BEGIN
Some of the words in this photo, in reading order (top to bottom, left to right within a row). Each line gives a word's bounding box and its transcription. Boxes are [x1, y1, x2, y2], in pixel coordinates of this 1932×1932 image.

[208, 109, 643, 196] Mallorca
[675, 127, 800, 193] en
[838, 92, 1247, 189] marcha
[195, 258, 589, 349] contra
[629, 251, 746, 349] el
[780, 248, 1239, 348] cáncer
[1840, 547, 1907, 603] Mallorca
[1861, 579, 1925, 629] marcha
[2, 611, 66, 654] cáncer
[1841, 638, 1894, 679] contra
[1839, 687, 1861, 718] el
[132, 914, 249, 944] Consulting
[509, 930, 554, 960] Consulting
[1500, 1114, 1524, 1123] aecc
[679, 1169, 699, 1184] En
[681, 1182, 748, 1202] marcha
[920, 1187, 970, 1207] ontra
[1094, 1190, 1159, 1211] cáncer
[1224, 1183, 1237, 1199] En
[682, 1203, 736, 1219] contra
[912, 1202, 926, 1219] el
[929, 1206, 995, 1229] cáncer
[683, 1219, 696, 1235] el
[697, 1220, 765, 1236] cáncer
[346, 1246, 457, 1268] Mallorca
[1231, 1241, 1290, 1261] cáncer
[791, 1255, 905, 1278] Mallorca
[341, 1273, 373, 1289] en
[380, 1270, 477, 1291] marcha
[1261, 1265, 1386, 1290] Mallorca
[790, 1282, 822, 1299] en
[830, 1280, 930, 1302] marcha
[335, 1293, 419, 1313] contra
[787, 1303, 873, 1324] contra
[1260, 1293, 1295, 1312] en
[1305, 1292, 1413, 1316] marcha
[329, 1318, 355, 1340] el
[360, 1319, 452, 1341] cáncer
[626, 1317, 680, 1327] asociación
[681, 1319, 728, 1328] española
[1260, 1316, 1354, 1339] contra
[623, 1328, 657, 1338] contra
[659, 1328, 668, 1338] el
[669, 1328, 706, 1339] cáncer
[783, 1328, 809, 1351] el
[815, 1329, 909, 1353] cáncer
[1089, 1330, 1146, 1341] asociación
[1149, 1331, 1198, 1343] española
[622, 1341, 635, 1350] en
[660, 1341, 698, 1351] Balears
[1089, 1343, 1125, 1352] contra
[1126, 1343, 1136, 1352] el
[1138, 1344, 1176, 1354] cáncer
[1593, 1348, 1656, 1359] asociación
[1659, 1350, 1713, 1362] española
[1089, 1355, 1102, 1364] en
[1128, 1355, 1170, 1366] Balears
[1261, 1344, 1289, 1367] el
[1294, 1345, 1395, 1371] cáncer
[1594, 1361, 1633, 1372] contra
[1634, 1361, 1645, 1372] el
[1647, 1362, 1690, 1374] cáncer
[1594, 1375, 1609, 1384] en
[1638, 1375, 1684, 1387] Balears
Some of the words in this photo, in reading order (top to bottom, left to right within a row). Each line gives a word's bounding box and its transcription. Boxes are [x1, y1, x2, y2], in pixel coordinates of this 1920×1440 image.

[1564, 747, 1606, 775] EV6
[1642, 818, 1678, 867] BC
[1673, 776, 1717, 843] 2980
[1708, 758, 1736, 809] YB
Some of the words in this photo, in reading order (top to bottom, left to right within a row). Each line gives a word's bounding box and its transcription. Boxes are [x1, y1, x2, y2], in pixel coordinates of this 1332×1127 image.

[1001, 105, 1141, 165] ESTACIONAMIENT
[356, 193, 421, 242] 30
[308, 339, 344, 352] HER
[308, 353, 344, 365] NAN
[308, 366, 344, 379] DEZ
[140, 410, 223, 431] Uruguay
END
What this task involves =
Your response must consist of the entries, reproduced exactly.

Worked solution =
Some of the words in this photo, in reading order (top to bottom, left to right within a row). Each line gives a word's bounding box and its transcription. Boxes are [x1, y1, x2, y2], in pixel coordinates of this 1932×1932 image.

[208, 109, 643, 196] Mallorca
[675, 127, 800, 193] en
[838, 92, 1247, 189] marcha
[195, 258, 589, 349] contra
[629, 251, 746, 349] el
[780, 248, 1239, 348] cáncer
[1840, 547, 1907, 603] Mallorca
[1861, 579, 1925, 629] marcha
[2, 611, 66, 654] cáncer
[1841, 638, 1894, 679] contra
[1839, 687, 1861, 718] el
[132, 914, 249, 944] Consulting
[509, 930, 554, 960] Consulting
[1500, 1114, 1524, 1123] aecc
[679, 1169, 699, 1184] En
[681, 1182, 748, 1202] marcha
[920, 1187, 970, 1207] ontra
[1094, 1190, 1159, 1211] cáncer
[1224, 1183, 1237, 1199] En
[682, 1203, 736, 1219] contra
[912, 1202, 926, 1219] el
[929, 1206, 995, 1229] cáncer
[683, 1219, 696, 1235] el
[697, 1220, 765, 1236] cáncer
[346, 1246, 457, 1268] Mallorca
[1231, 1241, 1290, 1261] cáncer
[791, 1255, 905, 1278] Mallorca
[341, 1273, 373, 1289] en
[380, 1270, 477, 1291] marcha
[1261, 1265, 1386, 1290] Mallorca
[790, 1282, 822, 1299] en
[830, 1280, 930, 1302] marcha
[335, 1293, 419, 1313] contra
[787, 1303, 873, 1324] contra
[1260, 1293, 1295, 1312] en
[1305, 1292, 1413, 1316] marcha
[329, 1318, 355, 1340] el
[360, 1319, 452, 1341] cáncer
[626, 1317, 680, 1327] asociación
[681, 1319, 728, 1328] española
[1260, 1316, 1354, 1339] contra
[623, 1328, 657, 1338] contra
[659, 1328, 668, 1338] el
[669, 1328, 706, 1339] cáncer
[783, 1328, 809, 1351] el
[815, 1329, 909, 1353] cáncer
[1089, 1330, 1146, 1341] asociación
[1149, 1331, 1198, 1343] española
[622, 1341, 635, 1350] en
[660, 1341, 698, 1351] Balears
[1089, 1343, 1125, 1352] contra
[1126, 1343, 1136, 1352] el
[1138, 1344, 1176, 1354] cáncer
[1593, 1348, 1656, 1359] asociación
[1659, 1350, 1713, 1362] española
[1089, 1355, 1102, 1364] en
[1128, 1355, 1170, 1366] Balears
[1261, 1344, 1289, 1367] el
[1294, 1345, 1395, 1371] cáncer
[1594, 1361, 1633, 1372] contra
[1634, 1361, 1645, 1372] el
[1647, 1362, 1690, 1374] cáncer
[1594, 1375, 1609, 1384] en
[1638, 1375, 1684, 1387] Balears
Some of the words in this photo, in reading order (top to bottom, left to right within a row). Each line gives a word's bounding box and its transcription. Boxes are [x1, y1, x2, y2], in pixel coordinates of this 1920×1440 image.

[1564, 747, 1606, 775] EV6
[1642, 818, 1678, 867] BC
[1673, 776, 1717, 843] 2980
[1708, 758, 1736, 809] YB
Some of the words in this photo, in reading order (top to bottom, left to right within a row). Each line gives a word's bounding box and its transcription. Boxes are [x1, y1, x2, y2], in pixel coordinates of this 1332×1127 image.

[1001, 105, 1141, 165] ESTACIONAMIENT
[356, 193, 421, 242] 30
[308, 339, 344, 352] HER
[308, 353, 344, 365] NAN
[308, 366, 344, 379] DEZ
[140, 410, 223, 431] Uruguay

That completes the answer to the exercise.